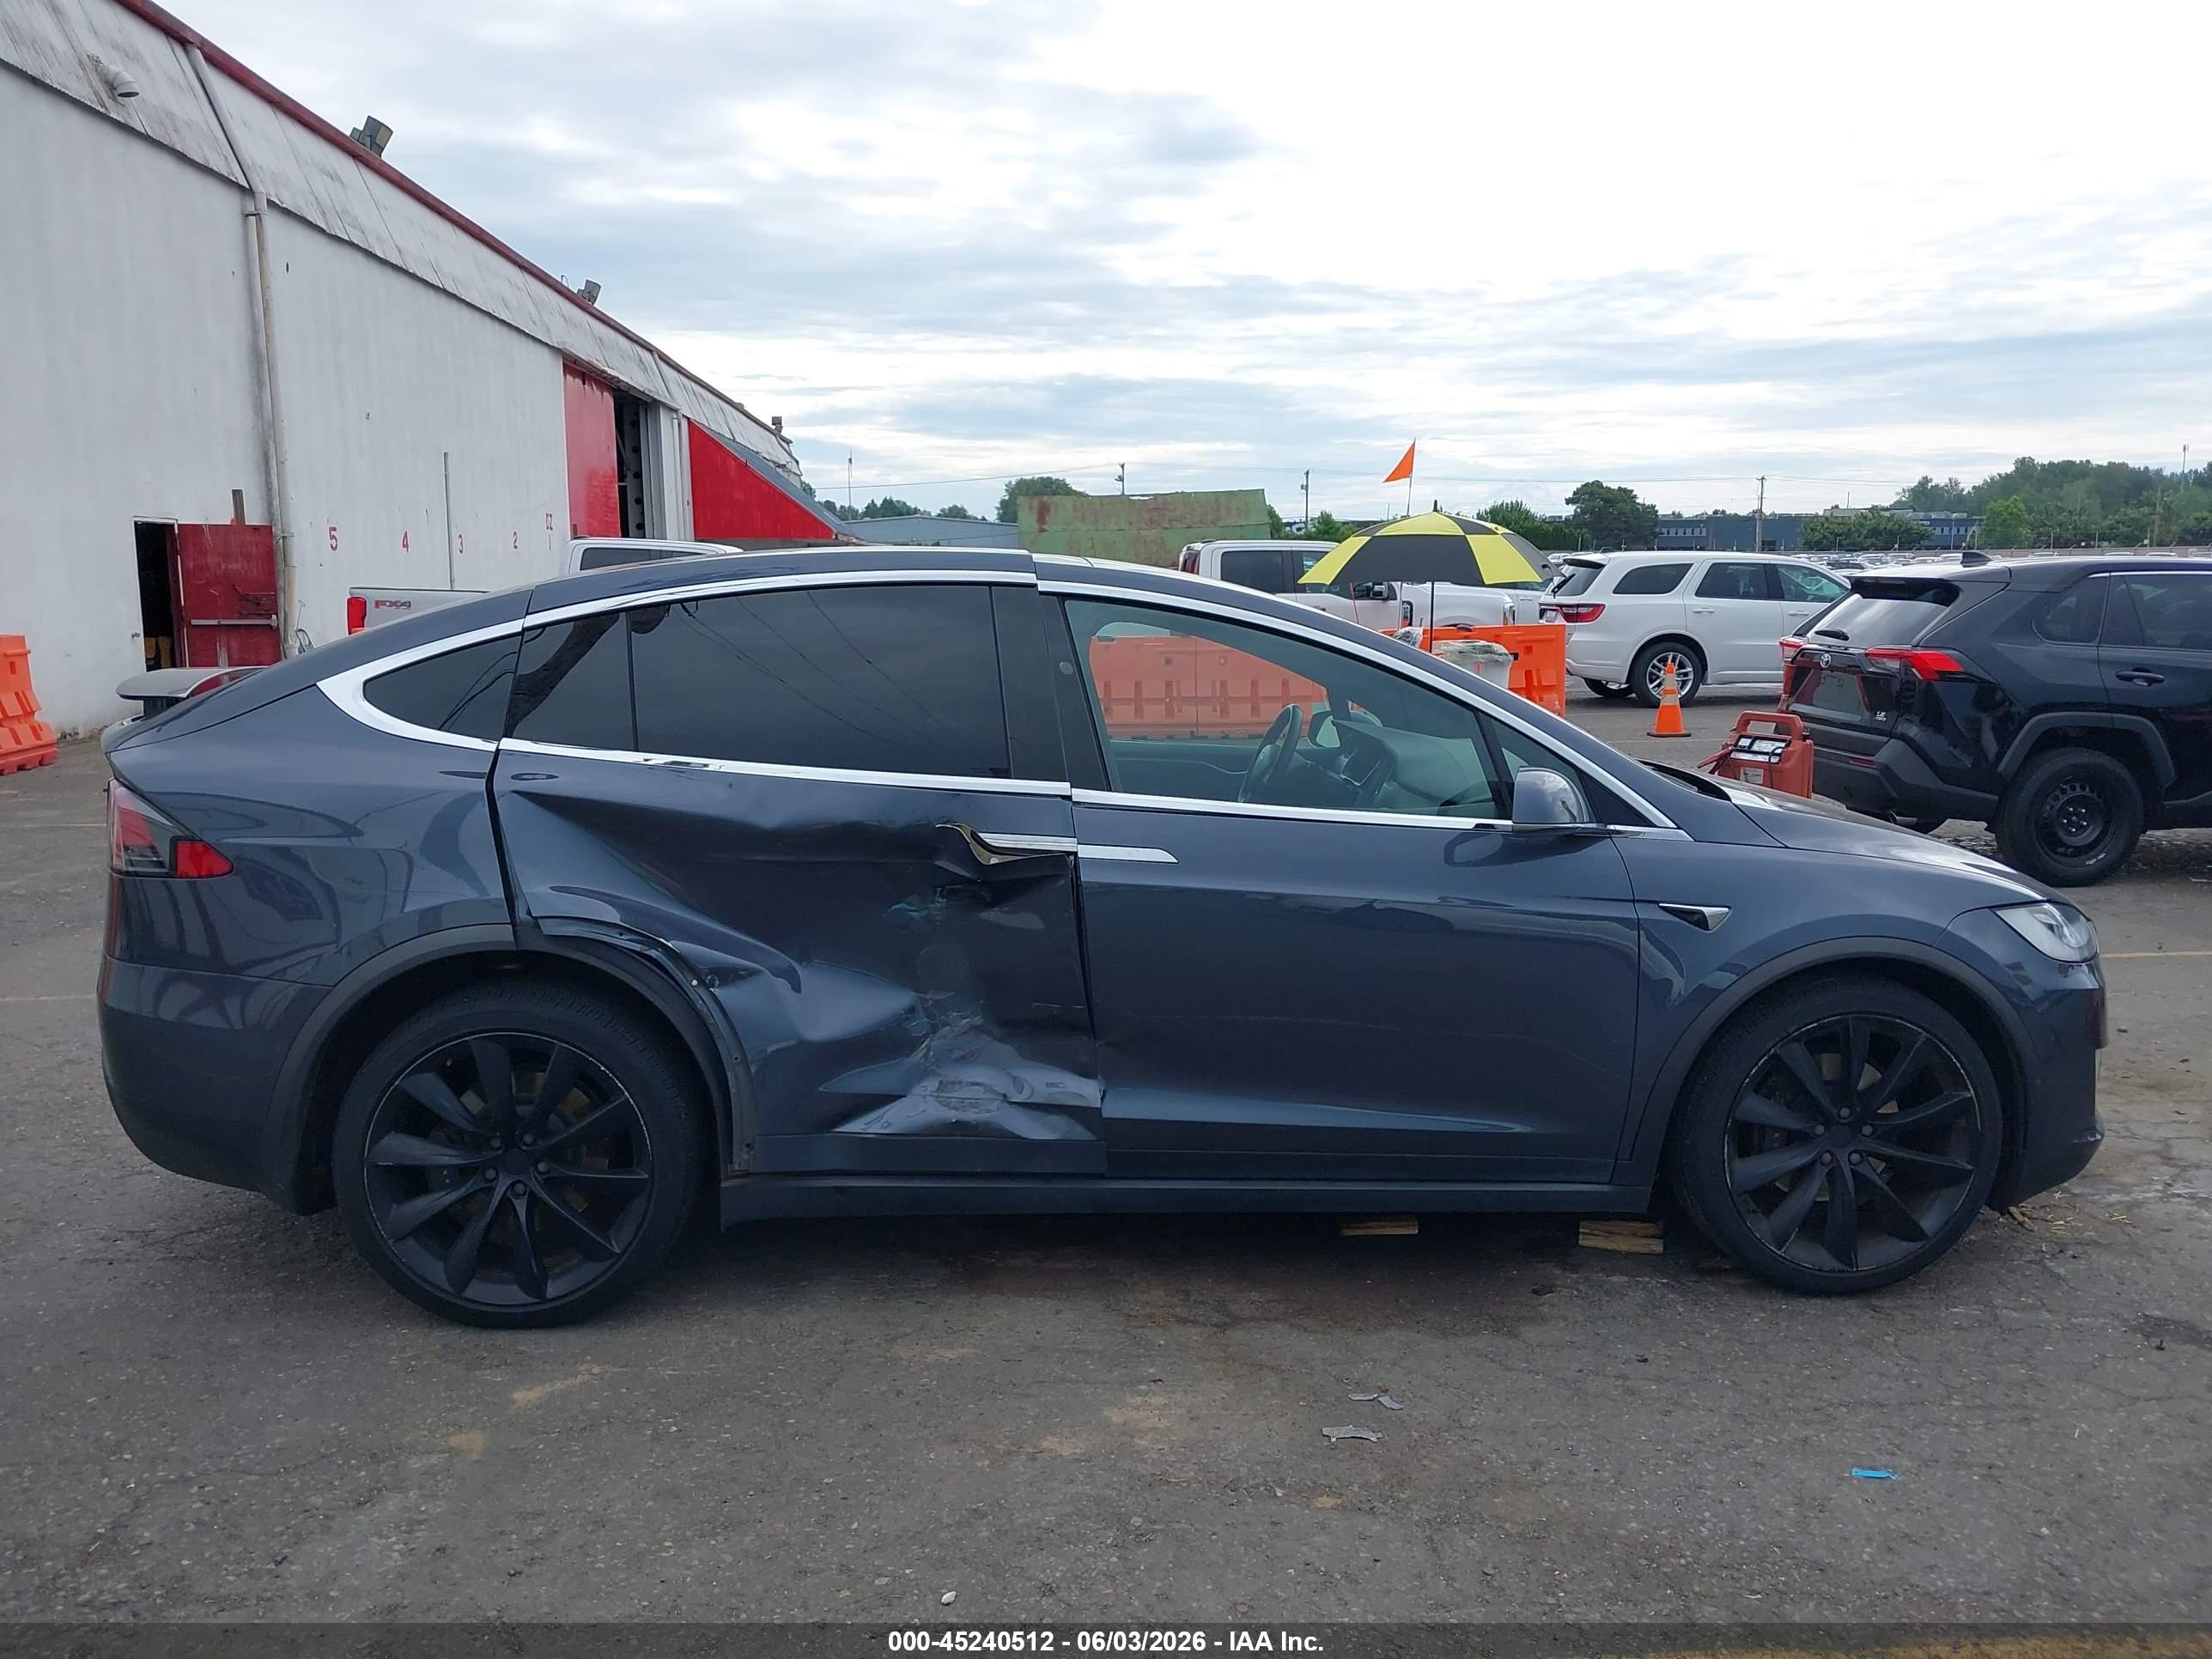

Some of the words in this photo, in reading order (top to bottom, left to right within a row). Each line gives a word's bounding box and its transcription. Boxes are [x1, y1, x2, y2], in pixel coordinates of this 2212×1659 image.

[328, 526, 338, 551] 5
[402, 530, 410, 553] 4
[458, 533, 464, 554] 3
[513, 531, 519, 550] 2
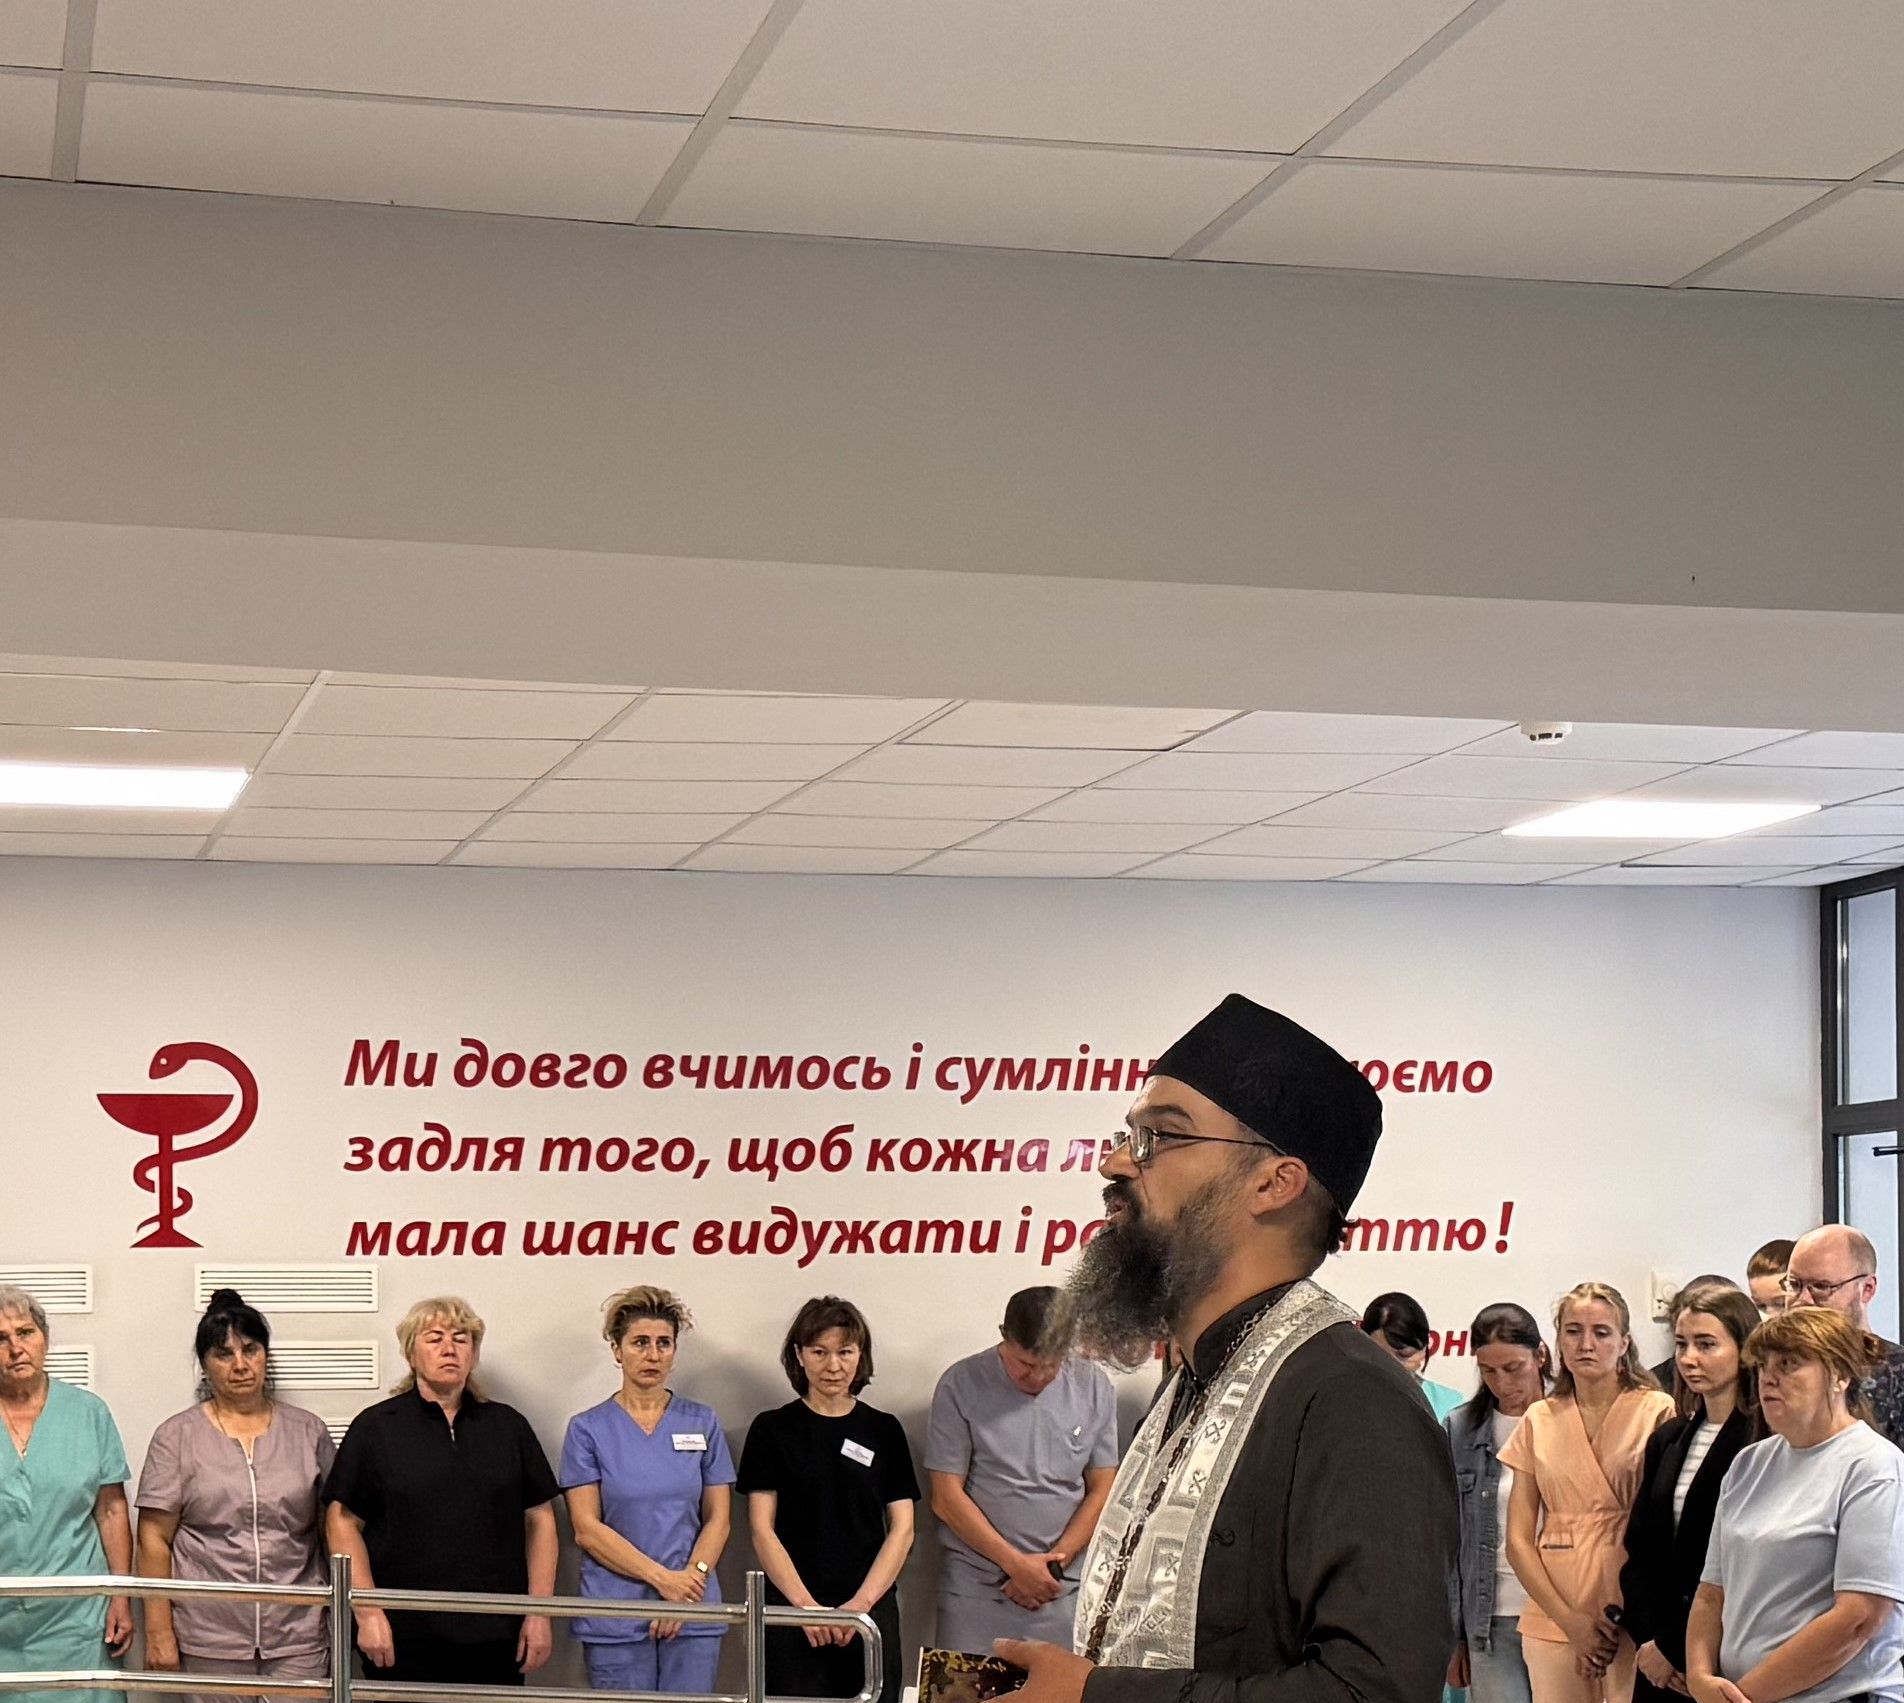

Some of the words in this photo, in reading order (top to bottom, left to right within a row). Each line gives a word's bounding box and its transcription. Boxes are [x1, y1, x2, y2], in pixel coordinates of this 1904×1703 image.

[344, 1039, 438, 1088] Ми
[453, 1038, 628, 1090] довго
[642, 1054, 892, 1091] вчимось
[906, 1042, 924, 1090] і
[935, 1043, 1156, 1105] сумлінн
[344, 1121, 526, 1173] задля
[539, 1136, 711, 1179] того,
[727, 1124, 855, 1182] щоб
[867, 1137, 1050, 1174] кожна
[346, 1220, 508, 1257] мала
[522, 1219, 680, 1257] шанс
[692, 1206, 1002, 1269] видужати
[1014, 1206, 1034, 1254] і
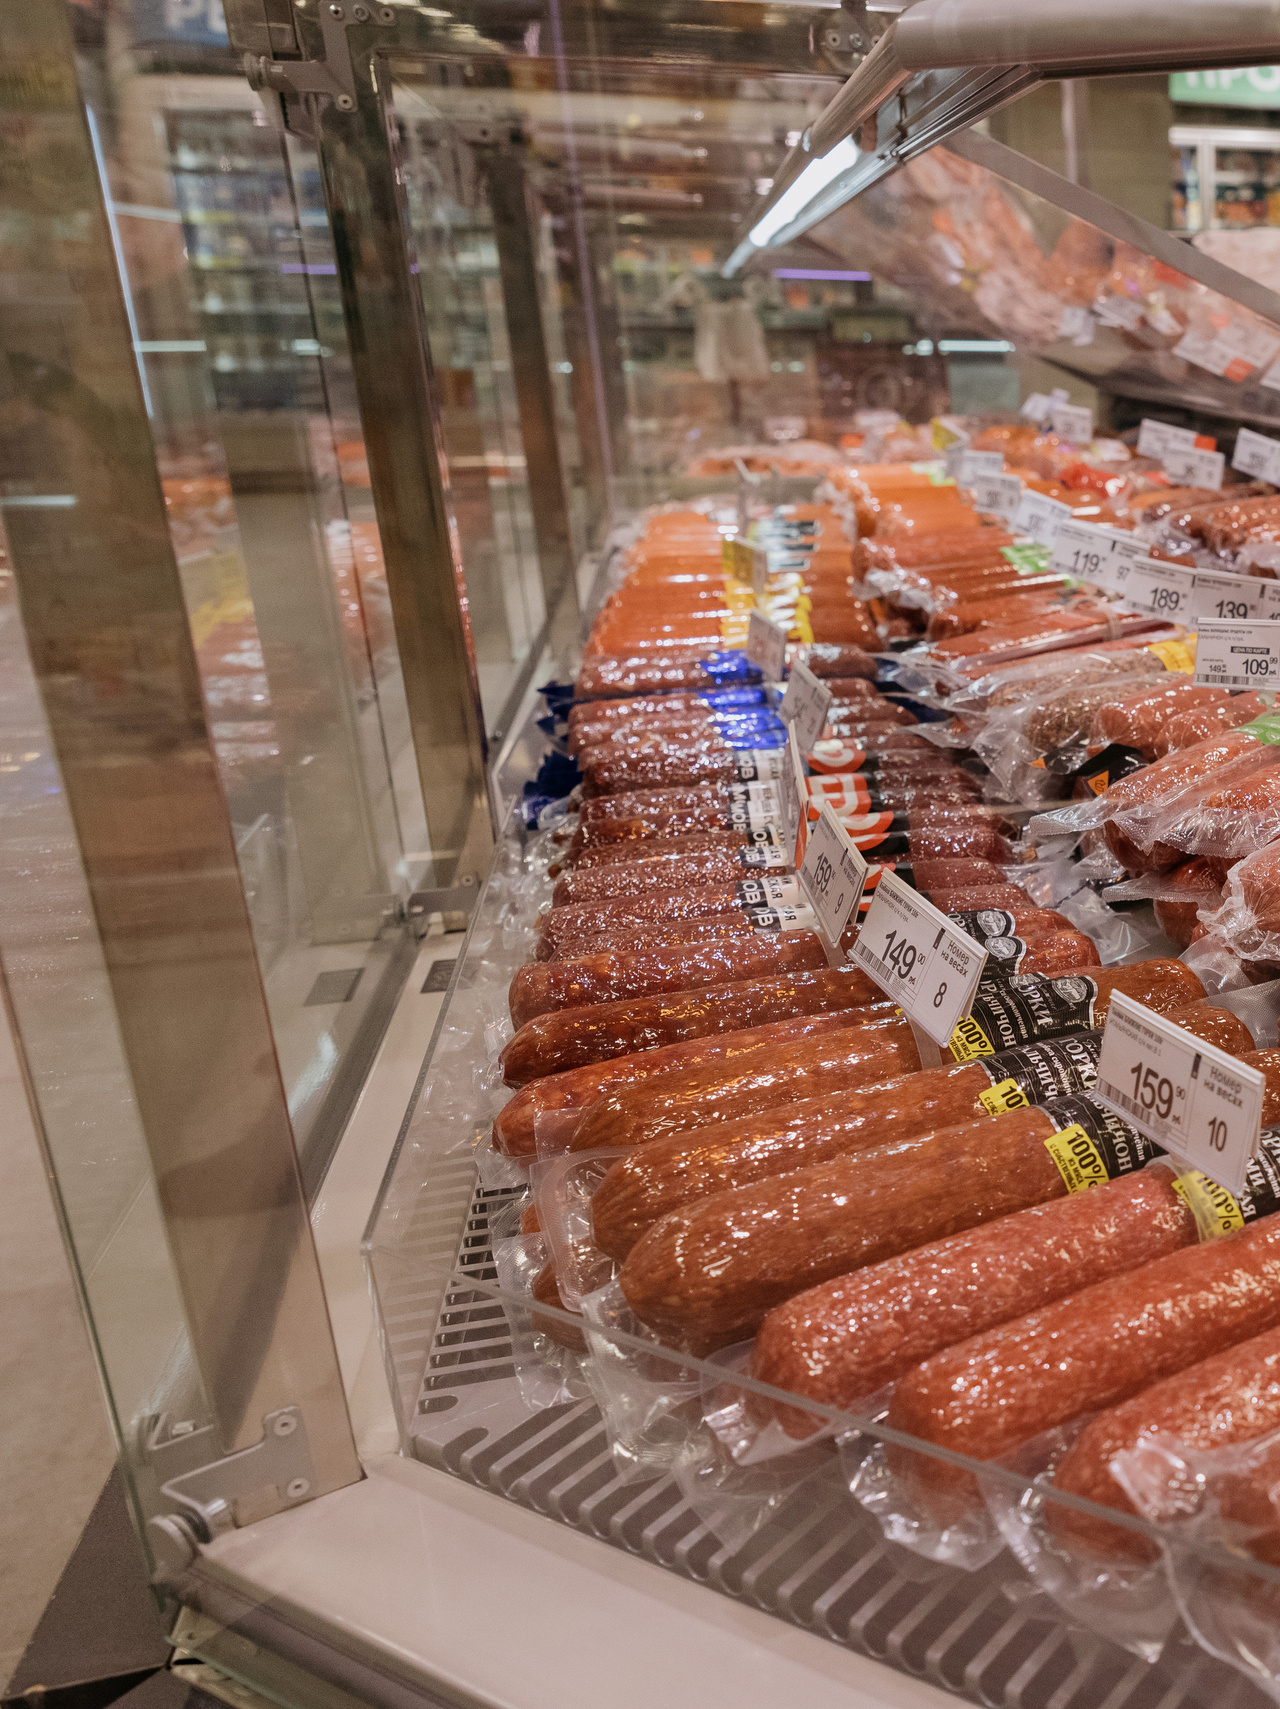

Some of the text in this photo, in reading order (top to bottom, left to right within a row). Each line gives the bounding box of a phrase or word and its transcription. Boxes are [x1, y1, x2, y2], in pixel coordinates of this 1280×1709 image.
____
▶ **Required work**: The output must match the records word for word, except that no pictures appear.

▶ **Solution for this exercise**:
Some of the words in this photo, in reading order (top to bottom, left to right within a row). Each line gives a word's bounding box and its transcription. Boxes are [x1, y1, x2, y2], in pixel coordinates of this 2212×1659 image.

[328, 526, 338, 551] 5
[402, 530, 410, 553] 4
[458, 533, 464, 554] 3
[513, 531, 519, 550] 2

Some of the words in this photo, in reading order (top to bottom, left to right within a row). Each line gives a word's bounding box and its transcription. Boxes are [x1, y1, x2, y2], in pixel coordinates of this 1904×1703 image.

[344, 1039, 438, 1088] Ми
[453, 1038, 628, 1090] довго
[642, 1054, 892, 1091] вчимось
[906, 1042, 924, 1090] і
[935, 1043, 1156, 1105] сумлінн
[344, 1121, 526, 1173] задля
[539, 1136, 711, 1179] того,
[727, 1124, 855, 1182] щоб
[867, 1137, 1050, 1174] кожна
[346, 1220, 508, 1257] мала
[522, 1219, 680, 1257] шанс
[692, 1206, 1002, 1269] видужати
[1014, 1206, 1034, 1254] і

Some of the text in this photo, in reading order (top to bottom, left to right within a row). Each line gives the bounding box of a phrase or word and its transcription. Boxes are [x1, y1, x2, y2], in pixel coordinates of this 1280×1709 image.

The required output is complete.